Sewing with a Plan requires 11 items. Having done a grey skirt and a yellow jersey I needed to get back to sewing.


Moving on to my second neutral – navy – I decided on a basic pair of trousers. Although I have a few vintage trouser patterns I went back to basics and made a new trouser block.

I dug out Winnie, and got to work. This book costs about £12 – the cost of one modern “Indie” pattern.

It has been a while since I made a trouser block, but it was really easy. If you struggle to get trousers to fit just go for it.

You may remember that I have fairly wide hips and a small waist. I was never able to buy trousers that fitted well over the years.  Making pants to fit was what drove me into dressmaking classes in the 1980s.

I often think making your own patterns is time-consuming, but only took an hour or so (a bit longer to trace off the pattern), and I was able to make a pair of pants that fitted really well. Because I am paranoid about my hips being too big (for most commercial trousers) I measured really loosely around the hip area. Consequently the pattern was a bit too curvy and I had to alter the pattern slightly by shaving an inch or so off the outer leg/hip/thigh area but that is the only alteration I made. You may be able to see that on my pattern (compared to the book diagram) the hips are excessively curved.

Although Aldrich suggests making the trousers wider or narrower in the leg to match current fashions, I left them at the middle position (“alternative leg shaping” on the right of the diagram). This is a little wider than I generally wear, and also a little longer. But I felt ready to try a middle-of-the road classic shape on this occasion.


Four pieces only, and the most simple approach.

I am not keen on waist bands.

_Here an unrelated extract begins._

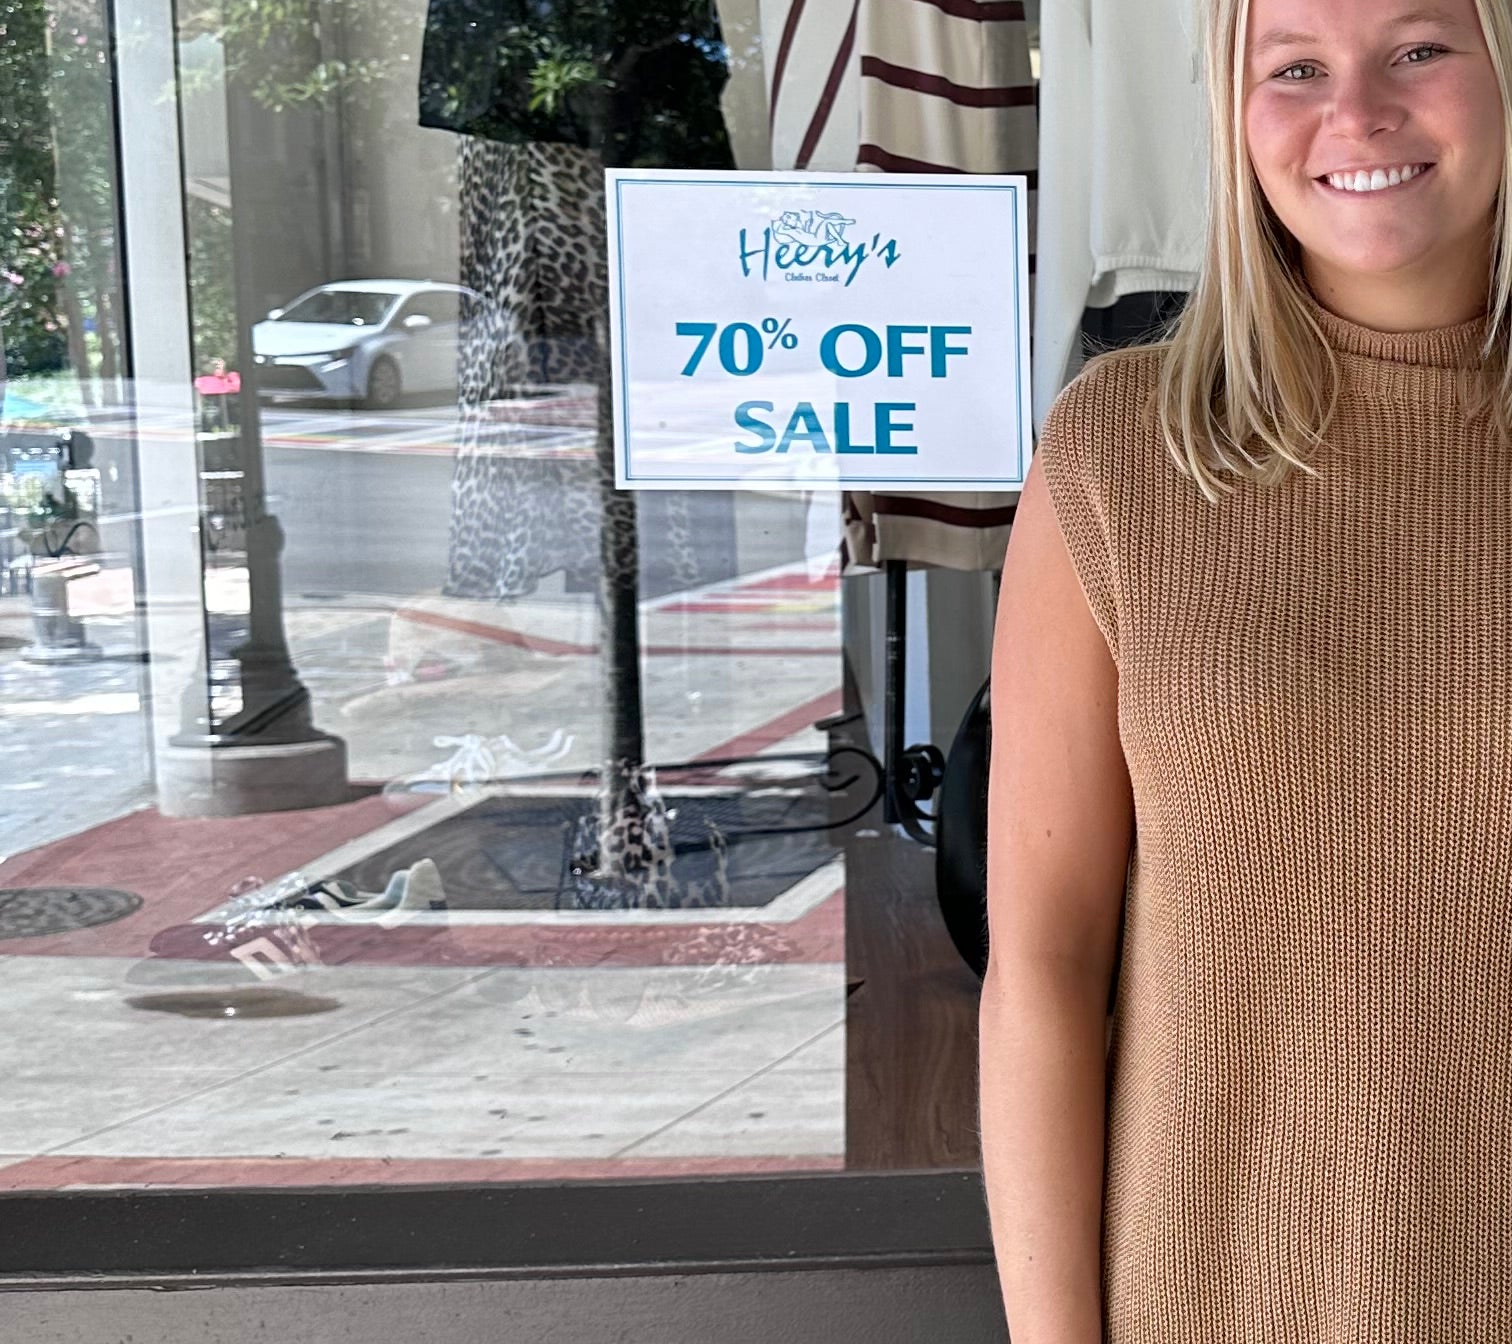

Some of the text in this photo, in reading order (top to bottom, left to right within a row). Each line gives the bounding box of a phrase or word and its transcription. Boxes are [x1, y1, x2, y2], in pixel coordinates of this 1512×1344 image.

[739, 228, 901, 287] Heery's
[675, 317, 972, 379] 70% OFF
[734, 400, 918, 455] SALE

They either cut in or feel sloppy. As with my grey skirt I left the waist band off. I drafted a couple of facings, but after consideration of bulk issues, I just finished the inside of the waist line with a nice piece of Liberty bias binding, made by my friend Linde Carr. This is such a comfortable finish.

It is always possible to make garments directly from the blocks and get a nice fit. But when I tried these on, in plain navy cotton fabric (with a little elastane in it), they looked so boring I wanted to do something to make them a bit more exciting.

Worried that the SWAP this year favours TNT and neutrals and (frankly) dull but wearable capsules, I didn’t want to jazz them up too much. But then I thought they had a nautical look and that maybe a couple of buttons on the front darts would give a bit of interest. I had four nice vintage buttons from the charity shop and I used these.

Nautical trousers
Nautical looks

Bonus knitwear

Thinking neutrals I decided to knit up all my small left over pieces of neutral merino yarns – two beiges, a couple of creams and some grey, and a couple of pastels – lemon and pink. I was inspired by Neapolitan ice-cream. But when I put it on Nick suggested it looked like a rock formation and named it Lyme Regis. This jumper may be part of the SWAP or not. We shall see.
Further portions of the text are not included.